> WHAT THE EXERCISE ASKS:
Would you mind restating all of the records word for word, skipping the pictures?

Free-text object descriptions:
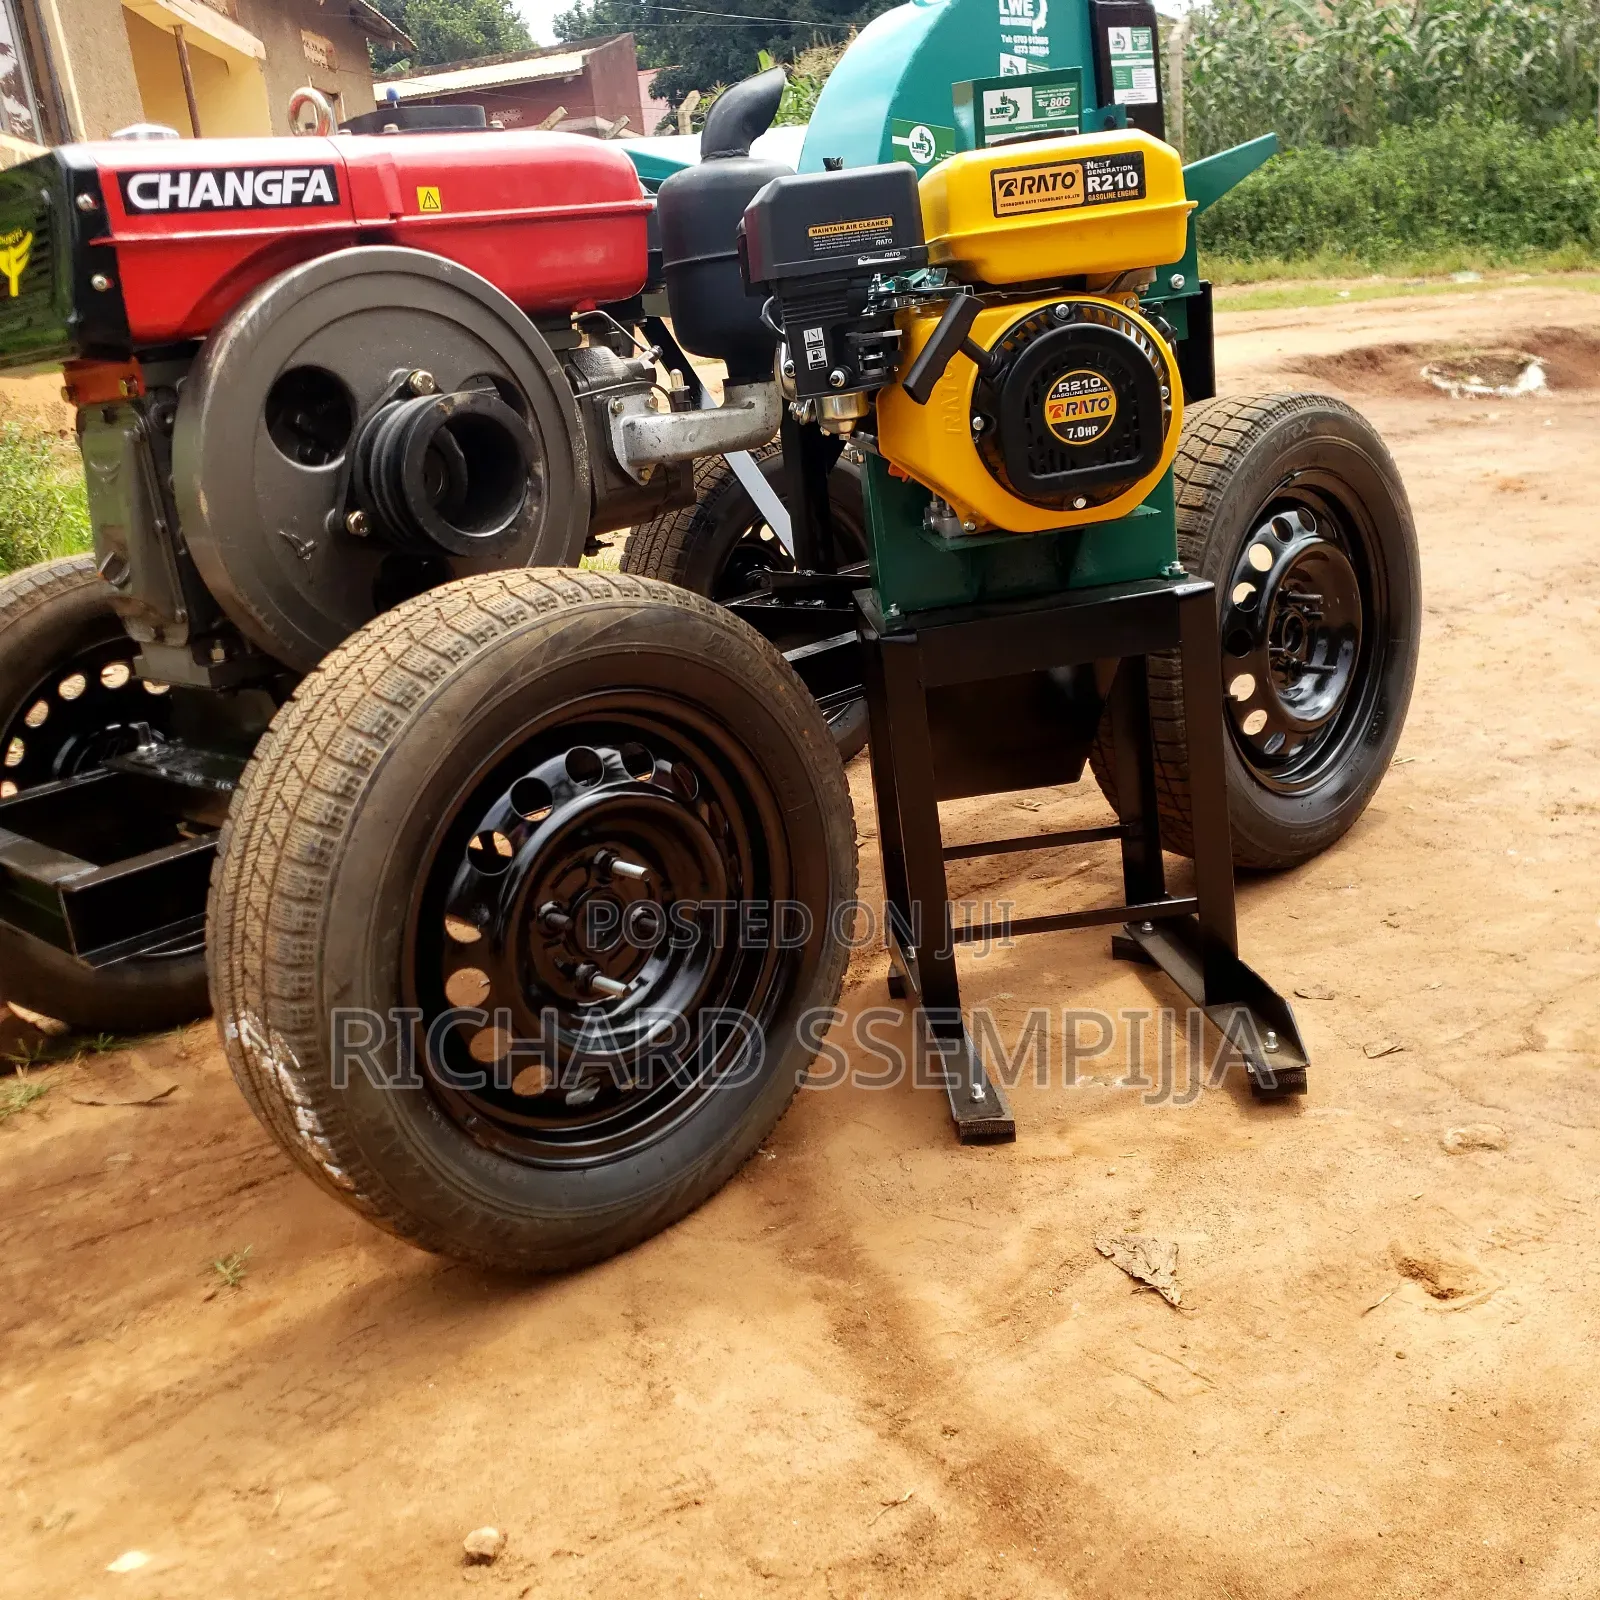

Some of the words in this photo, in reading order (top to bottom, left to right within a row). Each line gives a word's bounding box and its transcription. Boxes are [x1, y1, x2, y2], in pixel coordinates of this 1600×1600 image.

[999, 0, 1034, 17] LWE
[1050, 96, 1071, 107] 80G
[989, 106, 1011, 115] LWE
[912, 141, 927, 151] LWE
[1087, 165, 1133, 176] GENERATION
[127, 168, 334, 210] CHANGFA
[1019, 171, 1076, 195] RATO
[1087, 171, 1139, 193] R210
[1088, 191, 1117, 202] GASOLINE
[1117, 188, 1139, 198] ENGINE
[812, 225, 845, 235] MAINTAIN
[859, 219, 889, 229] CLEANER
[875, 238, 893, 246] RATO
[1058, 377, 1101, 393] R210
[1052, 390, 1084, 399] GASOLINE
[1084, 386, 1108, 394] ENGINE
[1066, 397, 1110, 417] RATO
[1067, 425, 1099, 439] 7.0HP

> TASK ANSWER:
Some of the words in this photo, in reading order (top to bottom, left to right within a row). Each line gives a word's bounding box and its transcription. Boxes are [x1, y1, x2, y2], in pixel coordinates of this 1600×1600 image.

[999, 0, 1034, 17] LWE
[1050, 96, 1071, 107] 80G
[989, 106, 1011, 115] LWE
[912, 141, 927, 151] LWE
[1087, 165, 1133, 176] GENERATION
[127, 168, 334, 210] CHANGFA
[1019, 171, 1076, 195] RATO
[1087, 171, 1139, 193] R210
[1088, 191, 1117, 202] GASOLINE
[1117, 188, 1139, 198] ENGINE
[812, 225, 845, 235] MAINTAIN
[859, 219, 889, 229] CLEANER
[875, 238, 893, 246] RATO
[1058, 377, 1101, 393] R210
[1052, 390, 1084, 399] GASOLINE
[1084, 386, 1108, 394] ENGINE
[1066, 397, 1110, 417] RATO
[1067, 425, 1099, 439] 7.0HP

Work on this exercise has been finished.